Près du village de Colleville, une jeune femme sur une bicyclette roulait vers la ferme de ses parents. Elle avait peur. Voyant les fenêtres brisées et le toit partiellement effondré, Anne-Marie Broeckx appela ses parents. alors que ces derniers sortaient de la maison endommagée, son père lui cria : « Ma fille, c’est un grand jour pour la France. »
Et en effet, il s’est avéré que ce fut également un grand jour pour Anne-Marie. La Force de Libération du Jour-J était composée notamment d’un jeune soldat américain avec qui elle se marierait, un soldat qui était en train de se battre à un kilomètre de là à Omaha Beach. C’était un autre moment fort de la relation franco-américaine.

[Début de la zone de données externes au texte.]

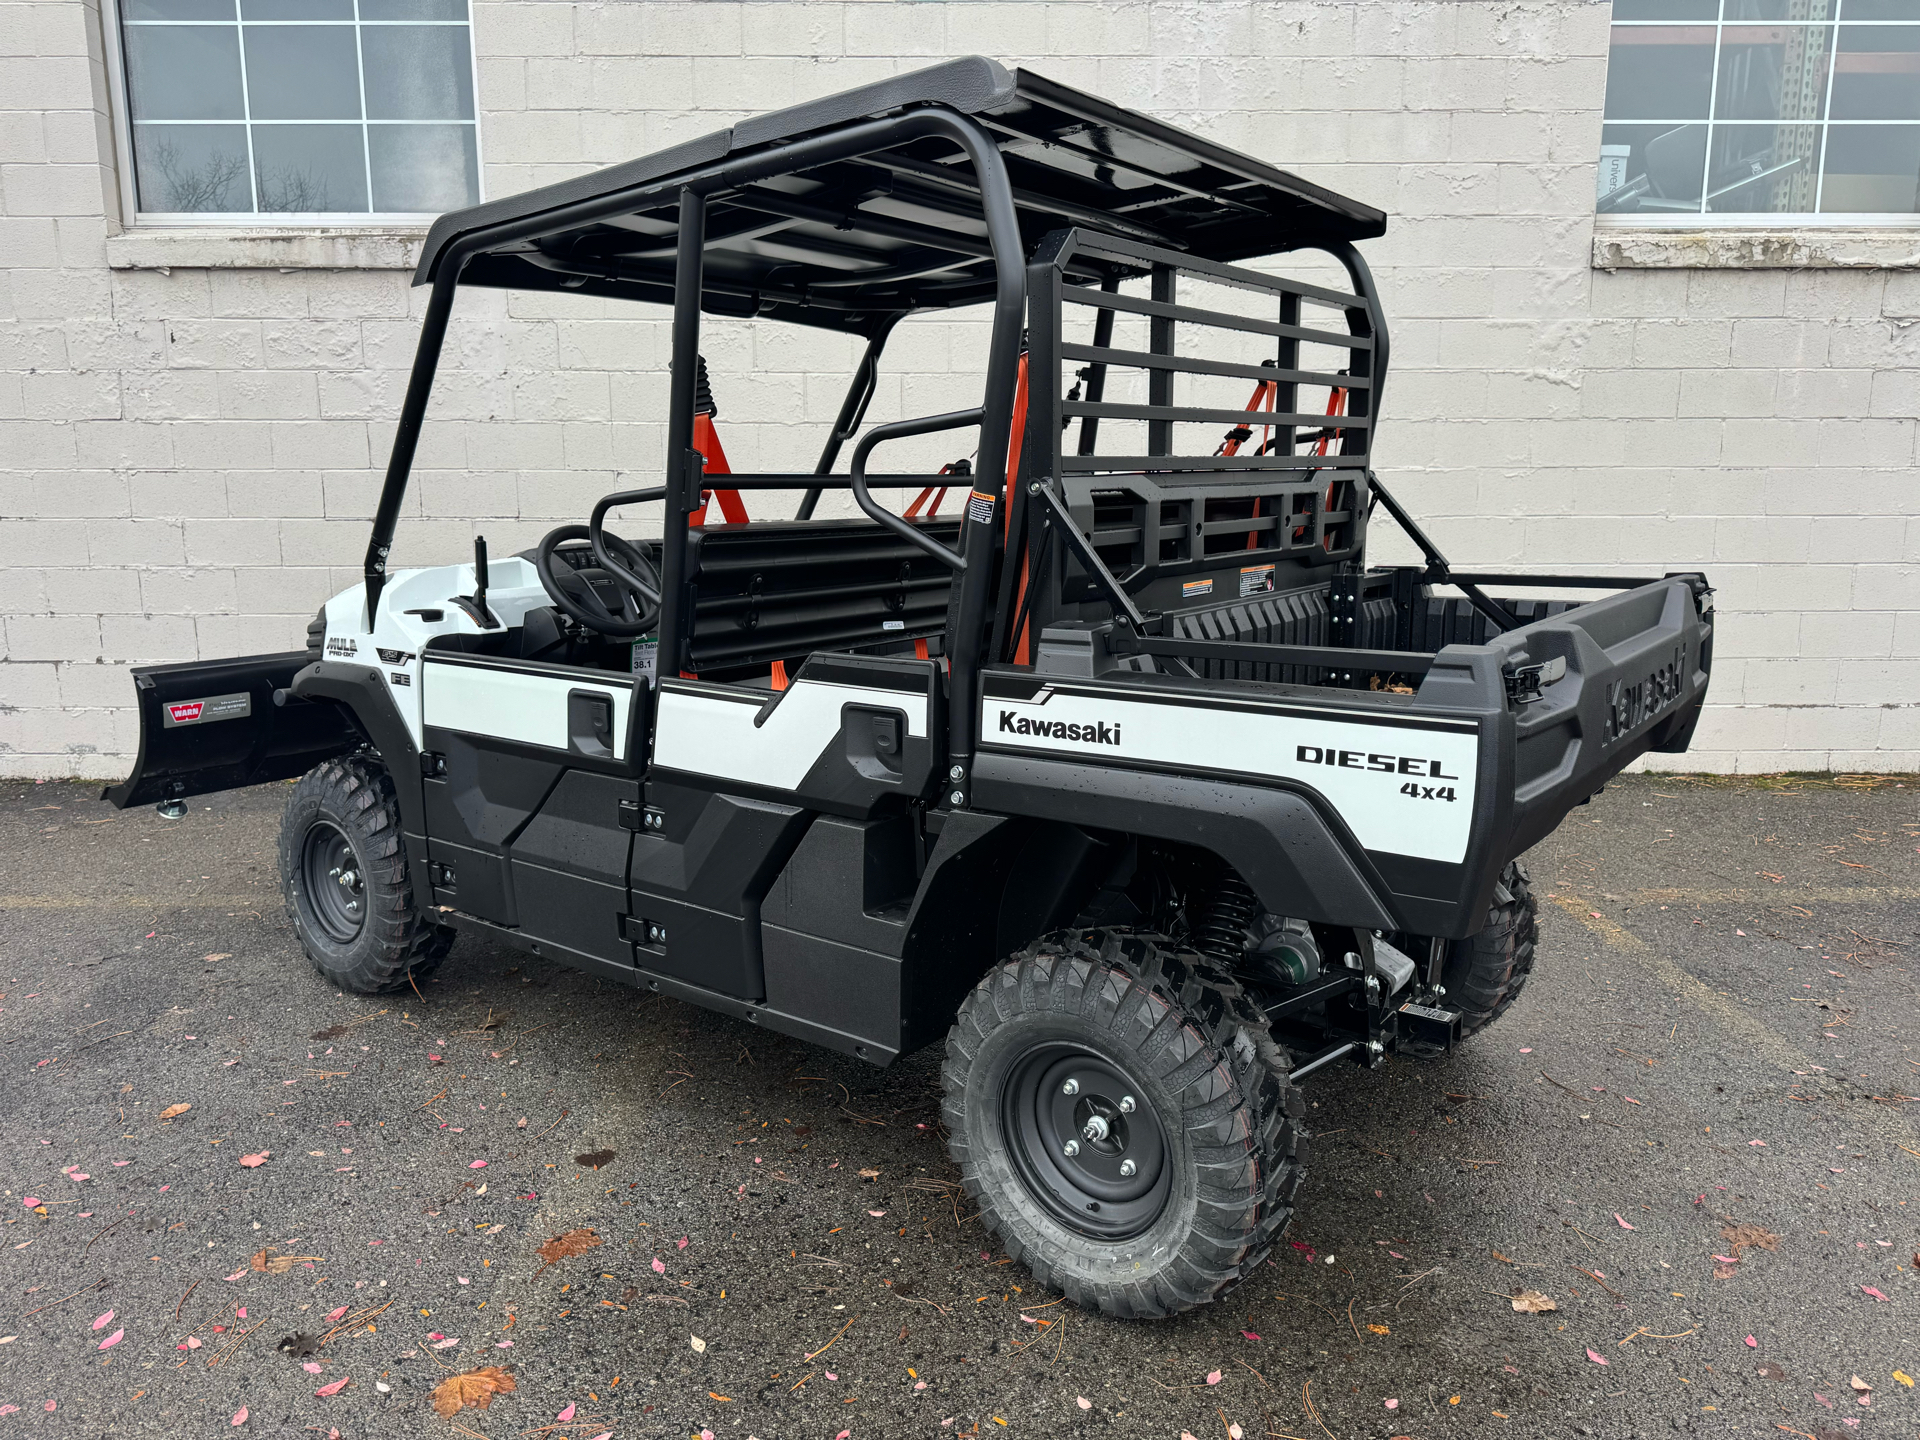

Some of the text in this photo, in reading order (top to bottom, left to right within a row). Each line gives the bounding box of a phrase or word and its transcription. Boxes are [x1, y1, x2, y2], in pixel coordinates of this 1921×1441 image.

A Amsterdam, une fille de quatorze ans entendit la nouvelle du Jour-J par radio jusque dans sa cachette du grenier. Elle écrivit dans son journal : « Cela semble encore trop merveilleux, trop comme dans un conte de fées. La pensée de ces amis de délivrance nous emplit de confiance. » Anne Frank est même allée jusqu’à espérer : « Il se peut que je puisse retourner à l’école en septembre ou en octobre. »
Mais cela ne devait pas se passer ainsi. Les nazis possédaient encore près de cinquante divisions et plus de 800 000 soldats en France. Au Jour-J plus un, et au Jour-J plus deux, et pendant des mois, ils opposèrent des combats féroces, depuis Arnhem en passant par la Forêt Hurtgen jusqu’aux Ardennes.
Dans toute l’Europe, les Américains ont partagé ces batailles avec les britanniques, les canadiens, les polonais, les forces françaises libres et des citoyens courageux, reprenant parcelle après parcelle le terrain alors détenu par les nazis. Dans les épreuves et dans les sacrifices de la guerre, nous sommes devenus des Alliés inséparables. Les nations qui ont libéré une Europe conquise représenteront ensemble la Liberté de toute l’Europe. Les nations qui ont combattu au-delà des continents deviendront des partenaires de confiance dans un monde de paix. Et notre grande alliance de paix est forte et elle est toujours nécessaire aujourd’hui.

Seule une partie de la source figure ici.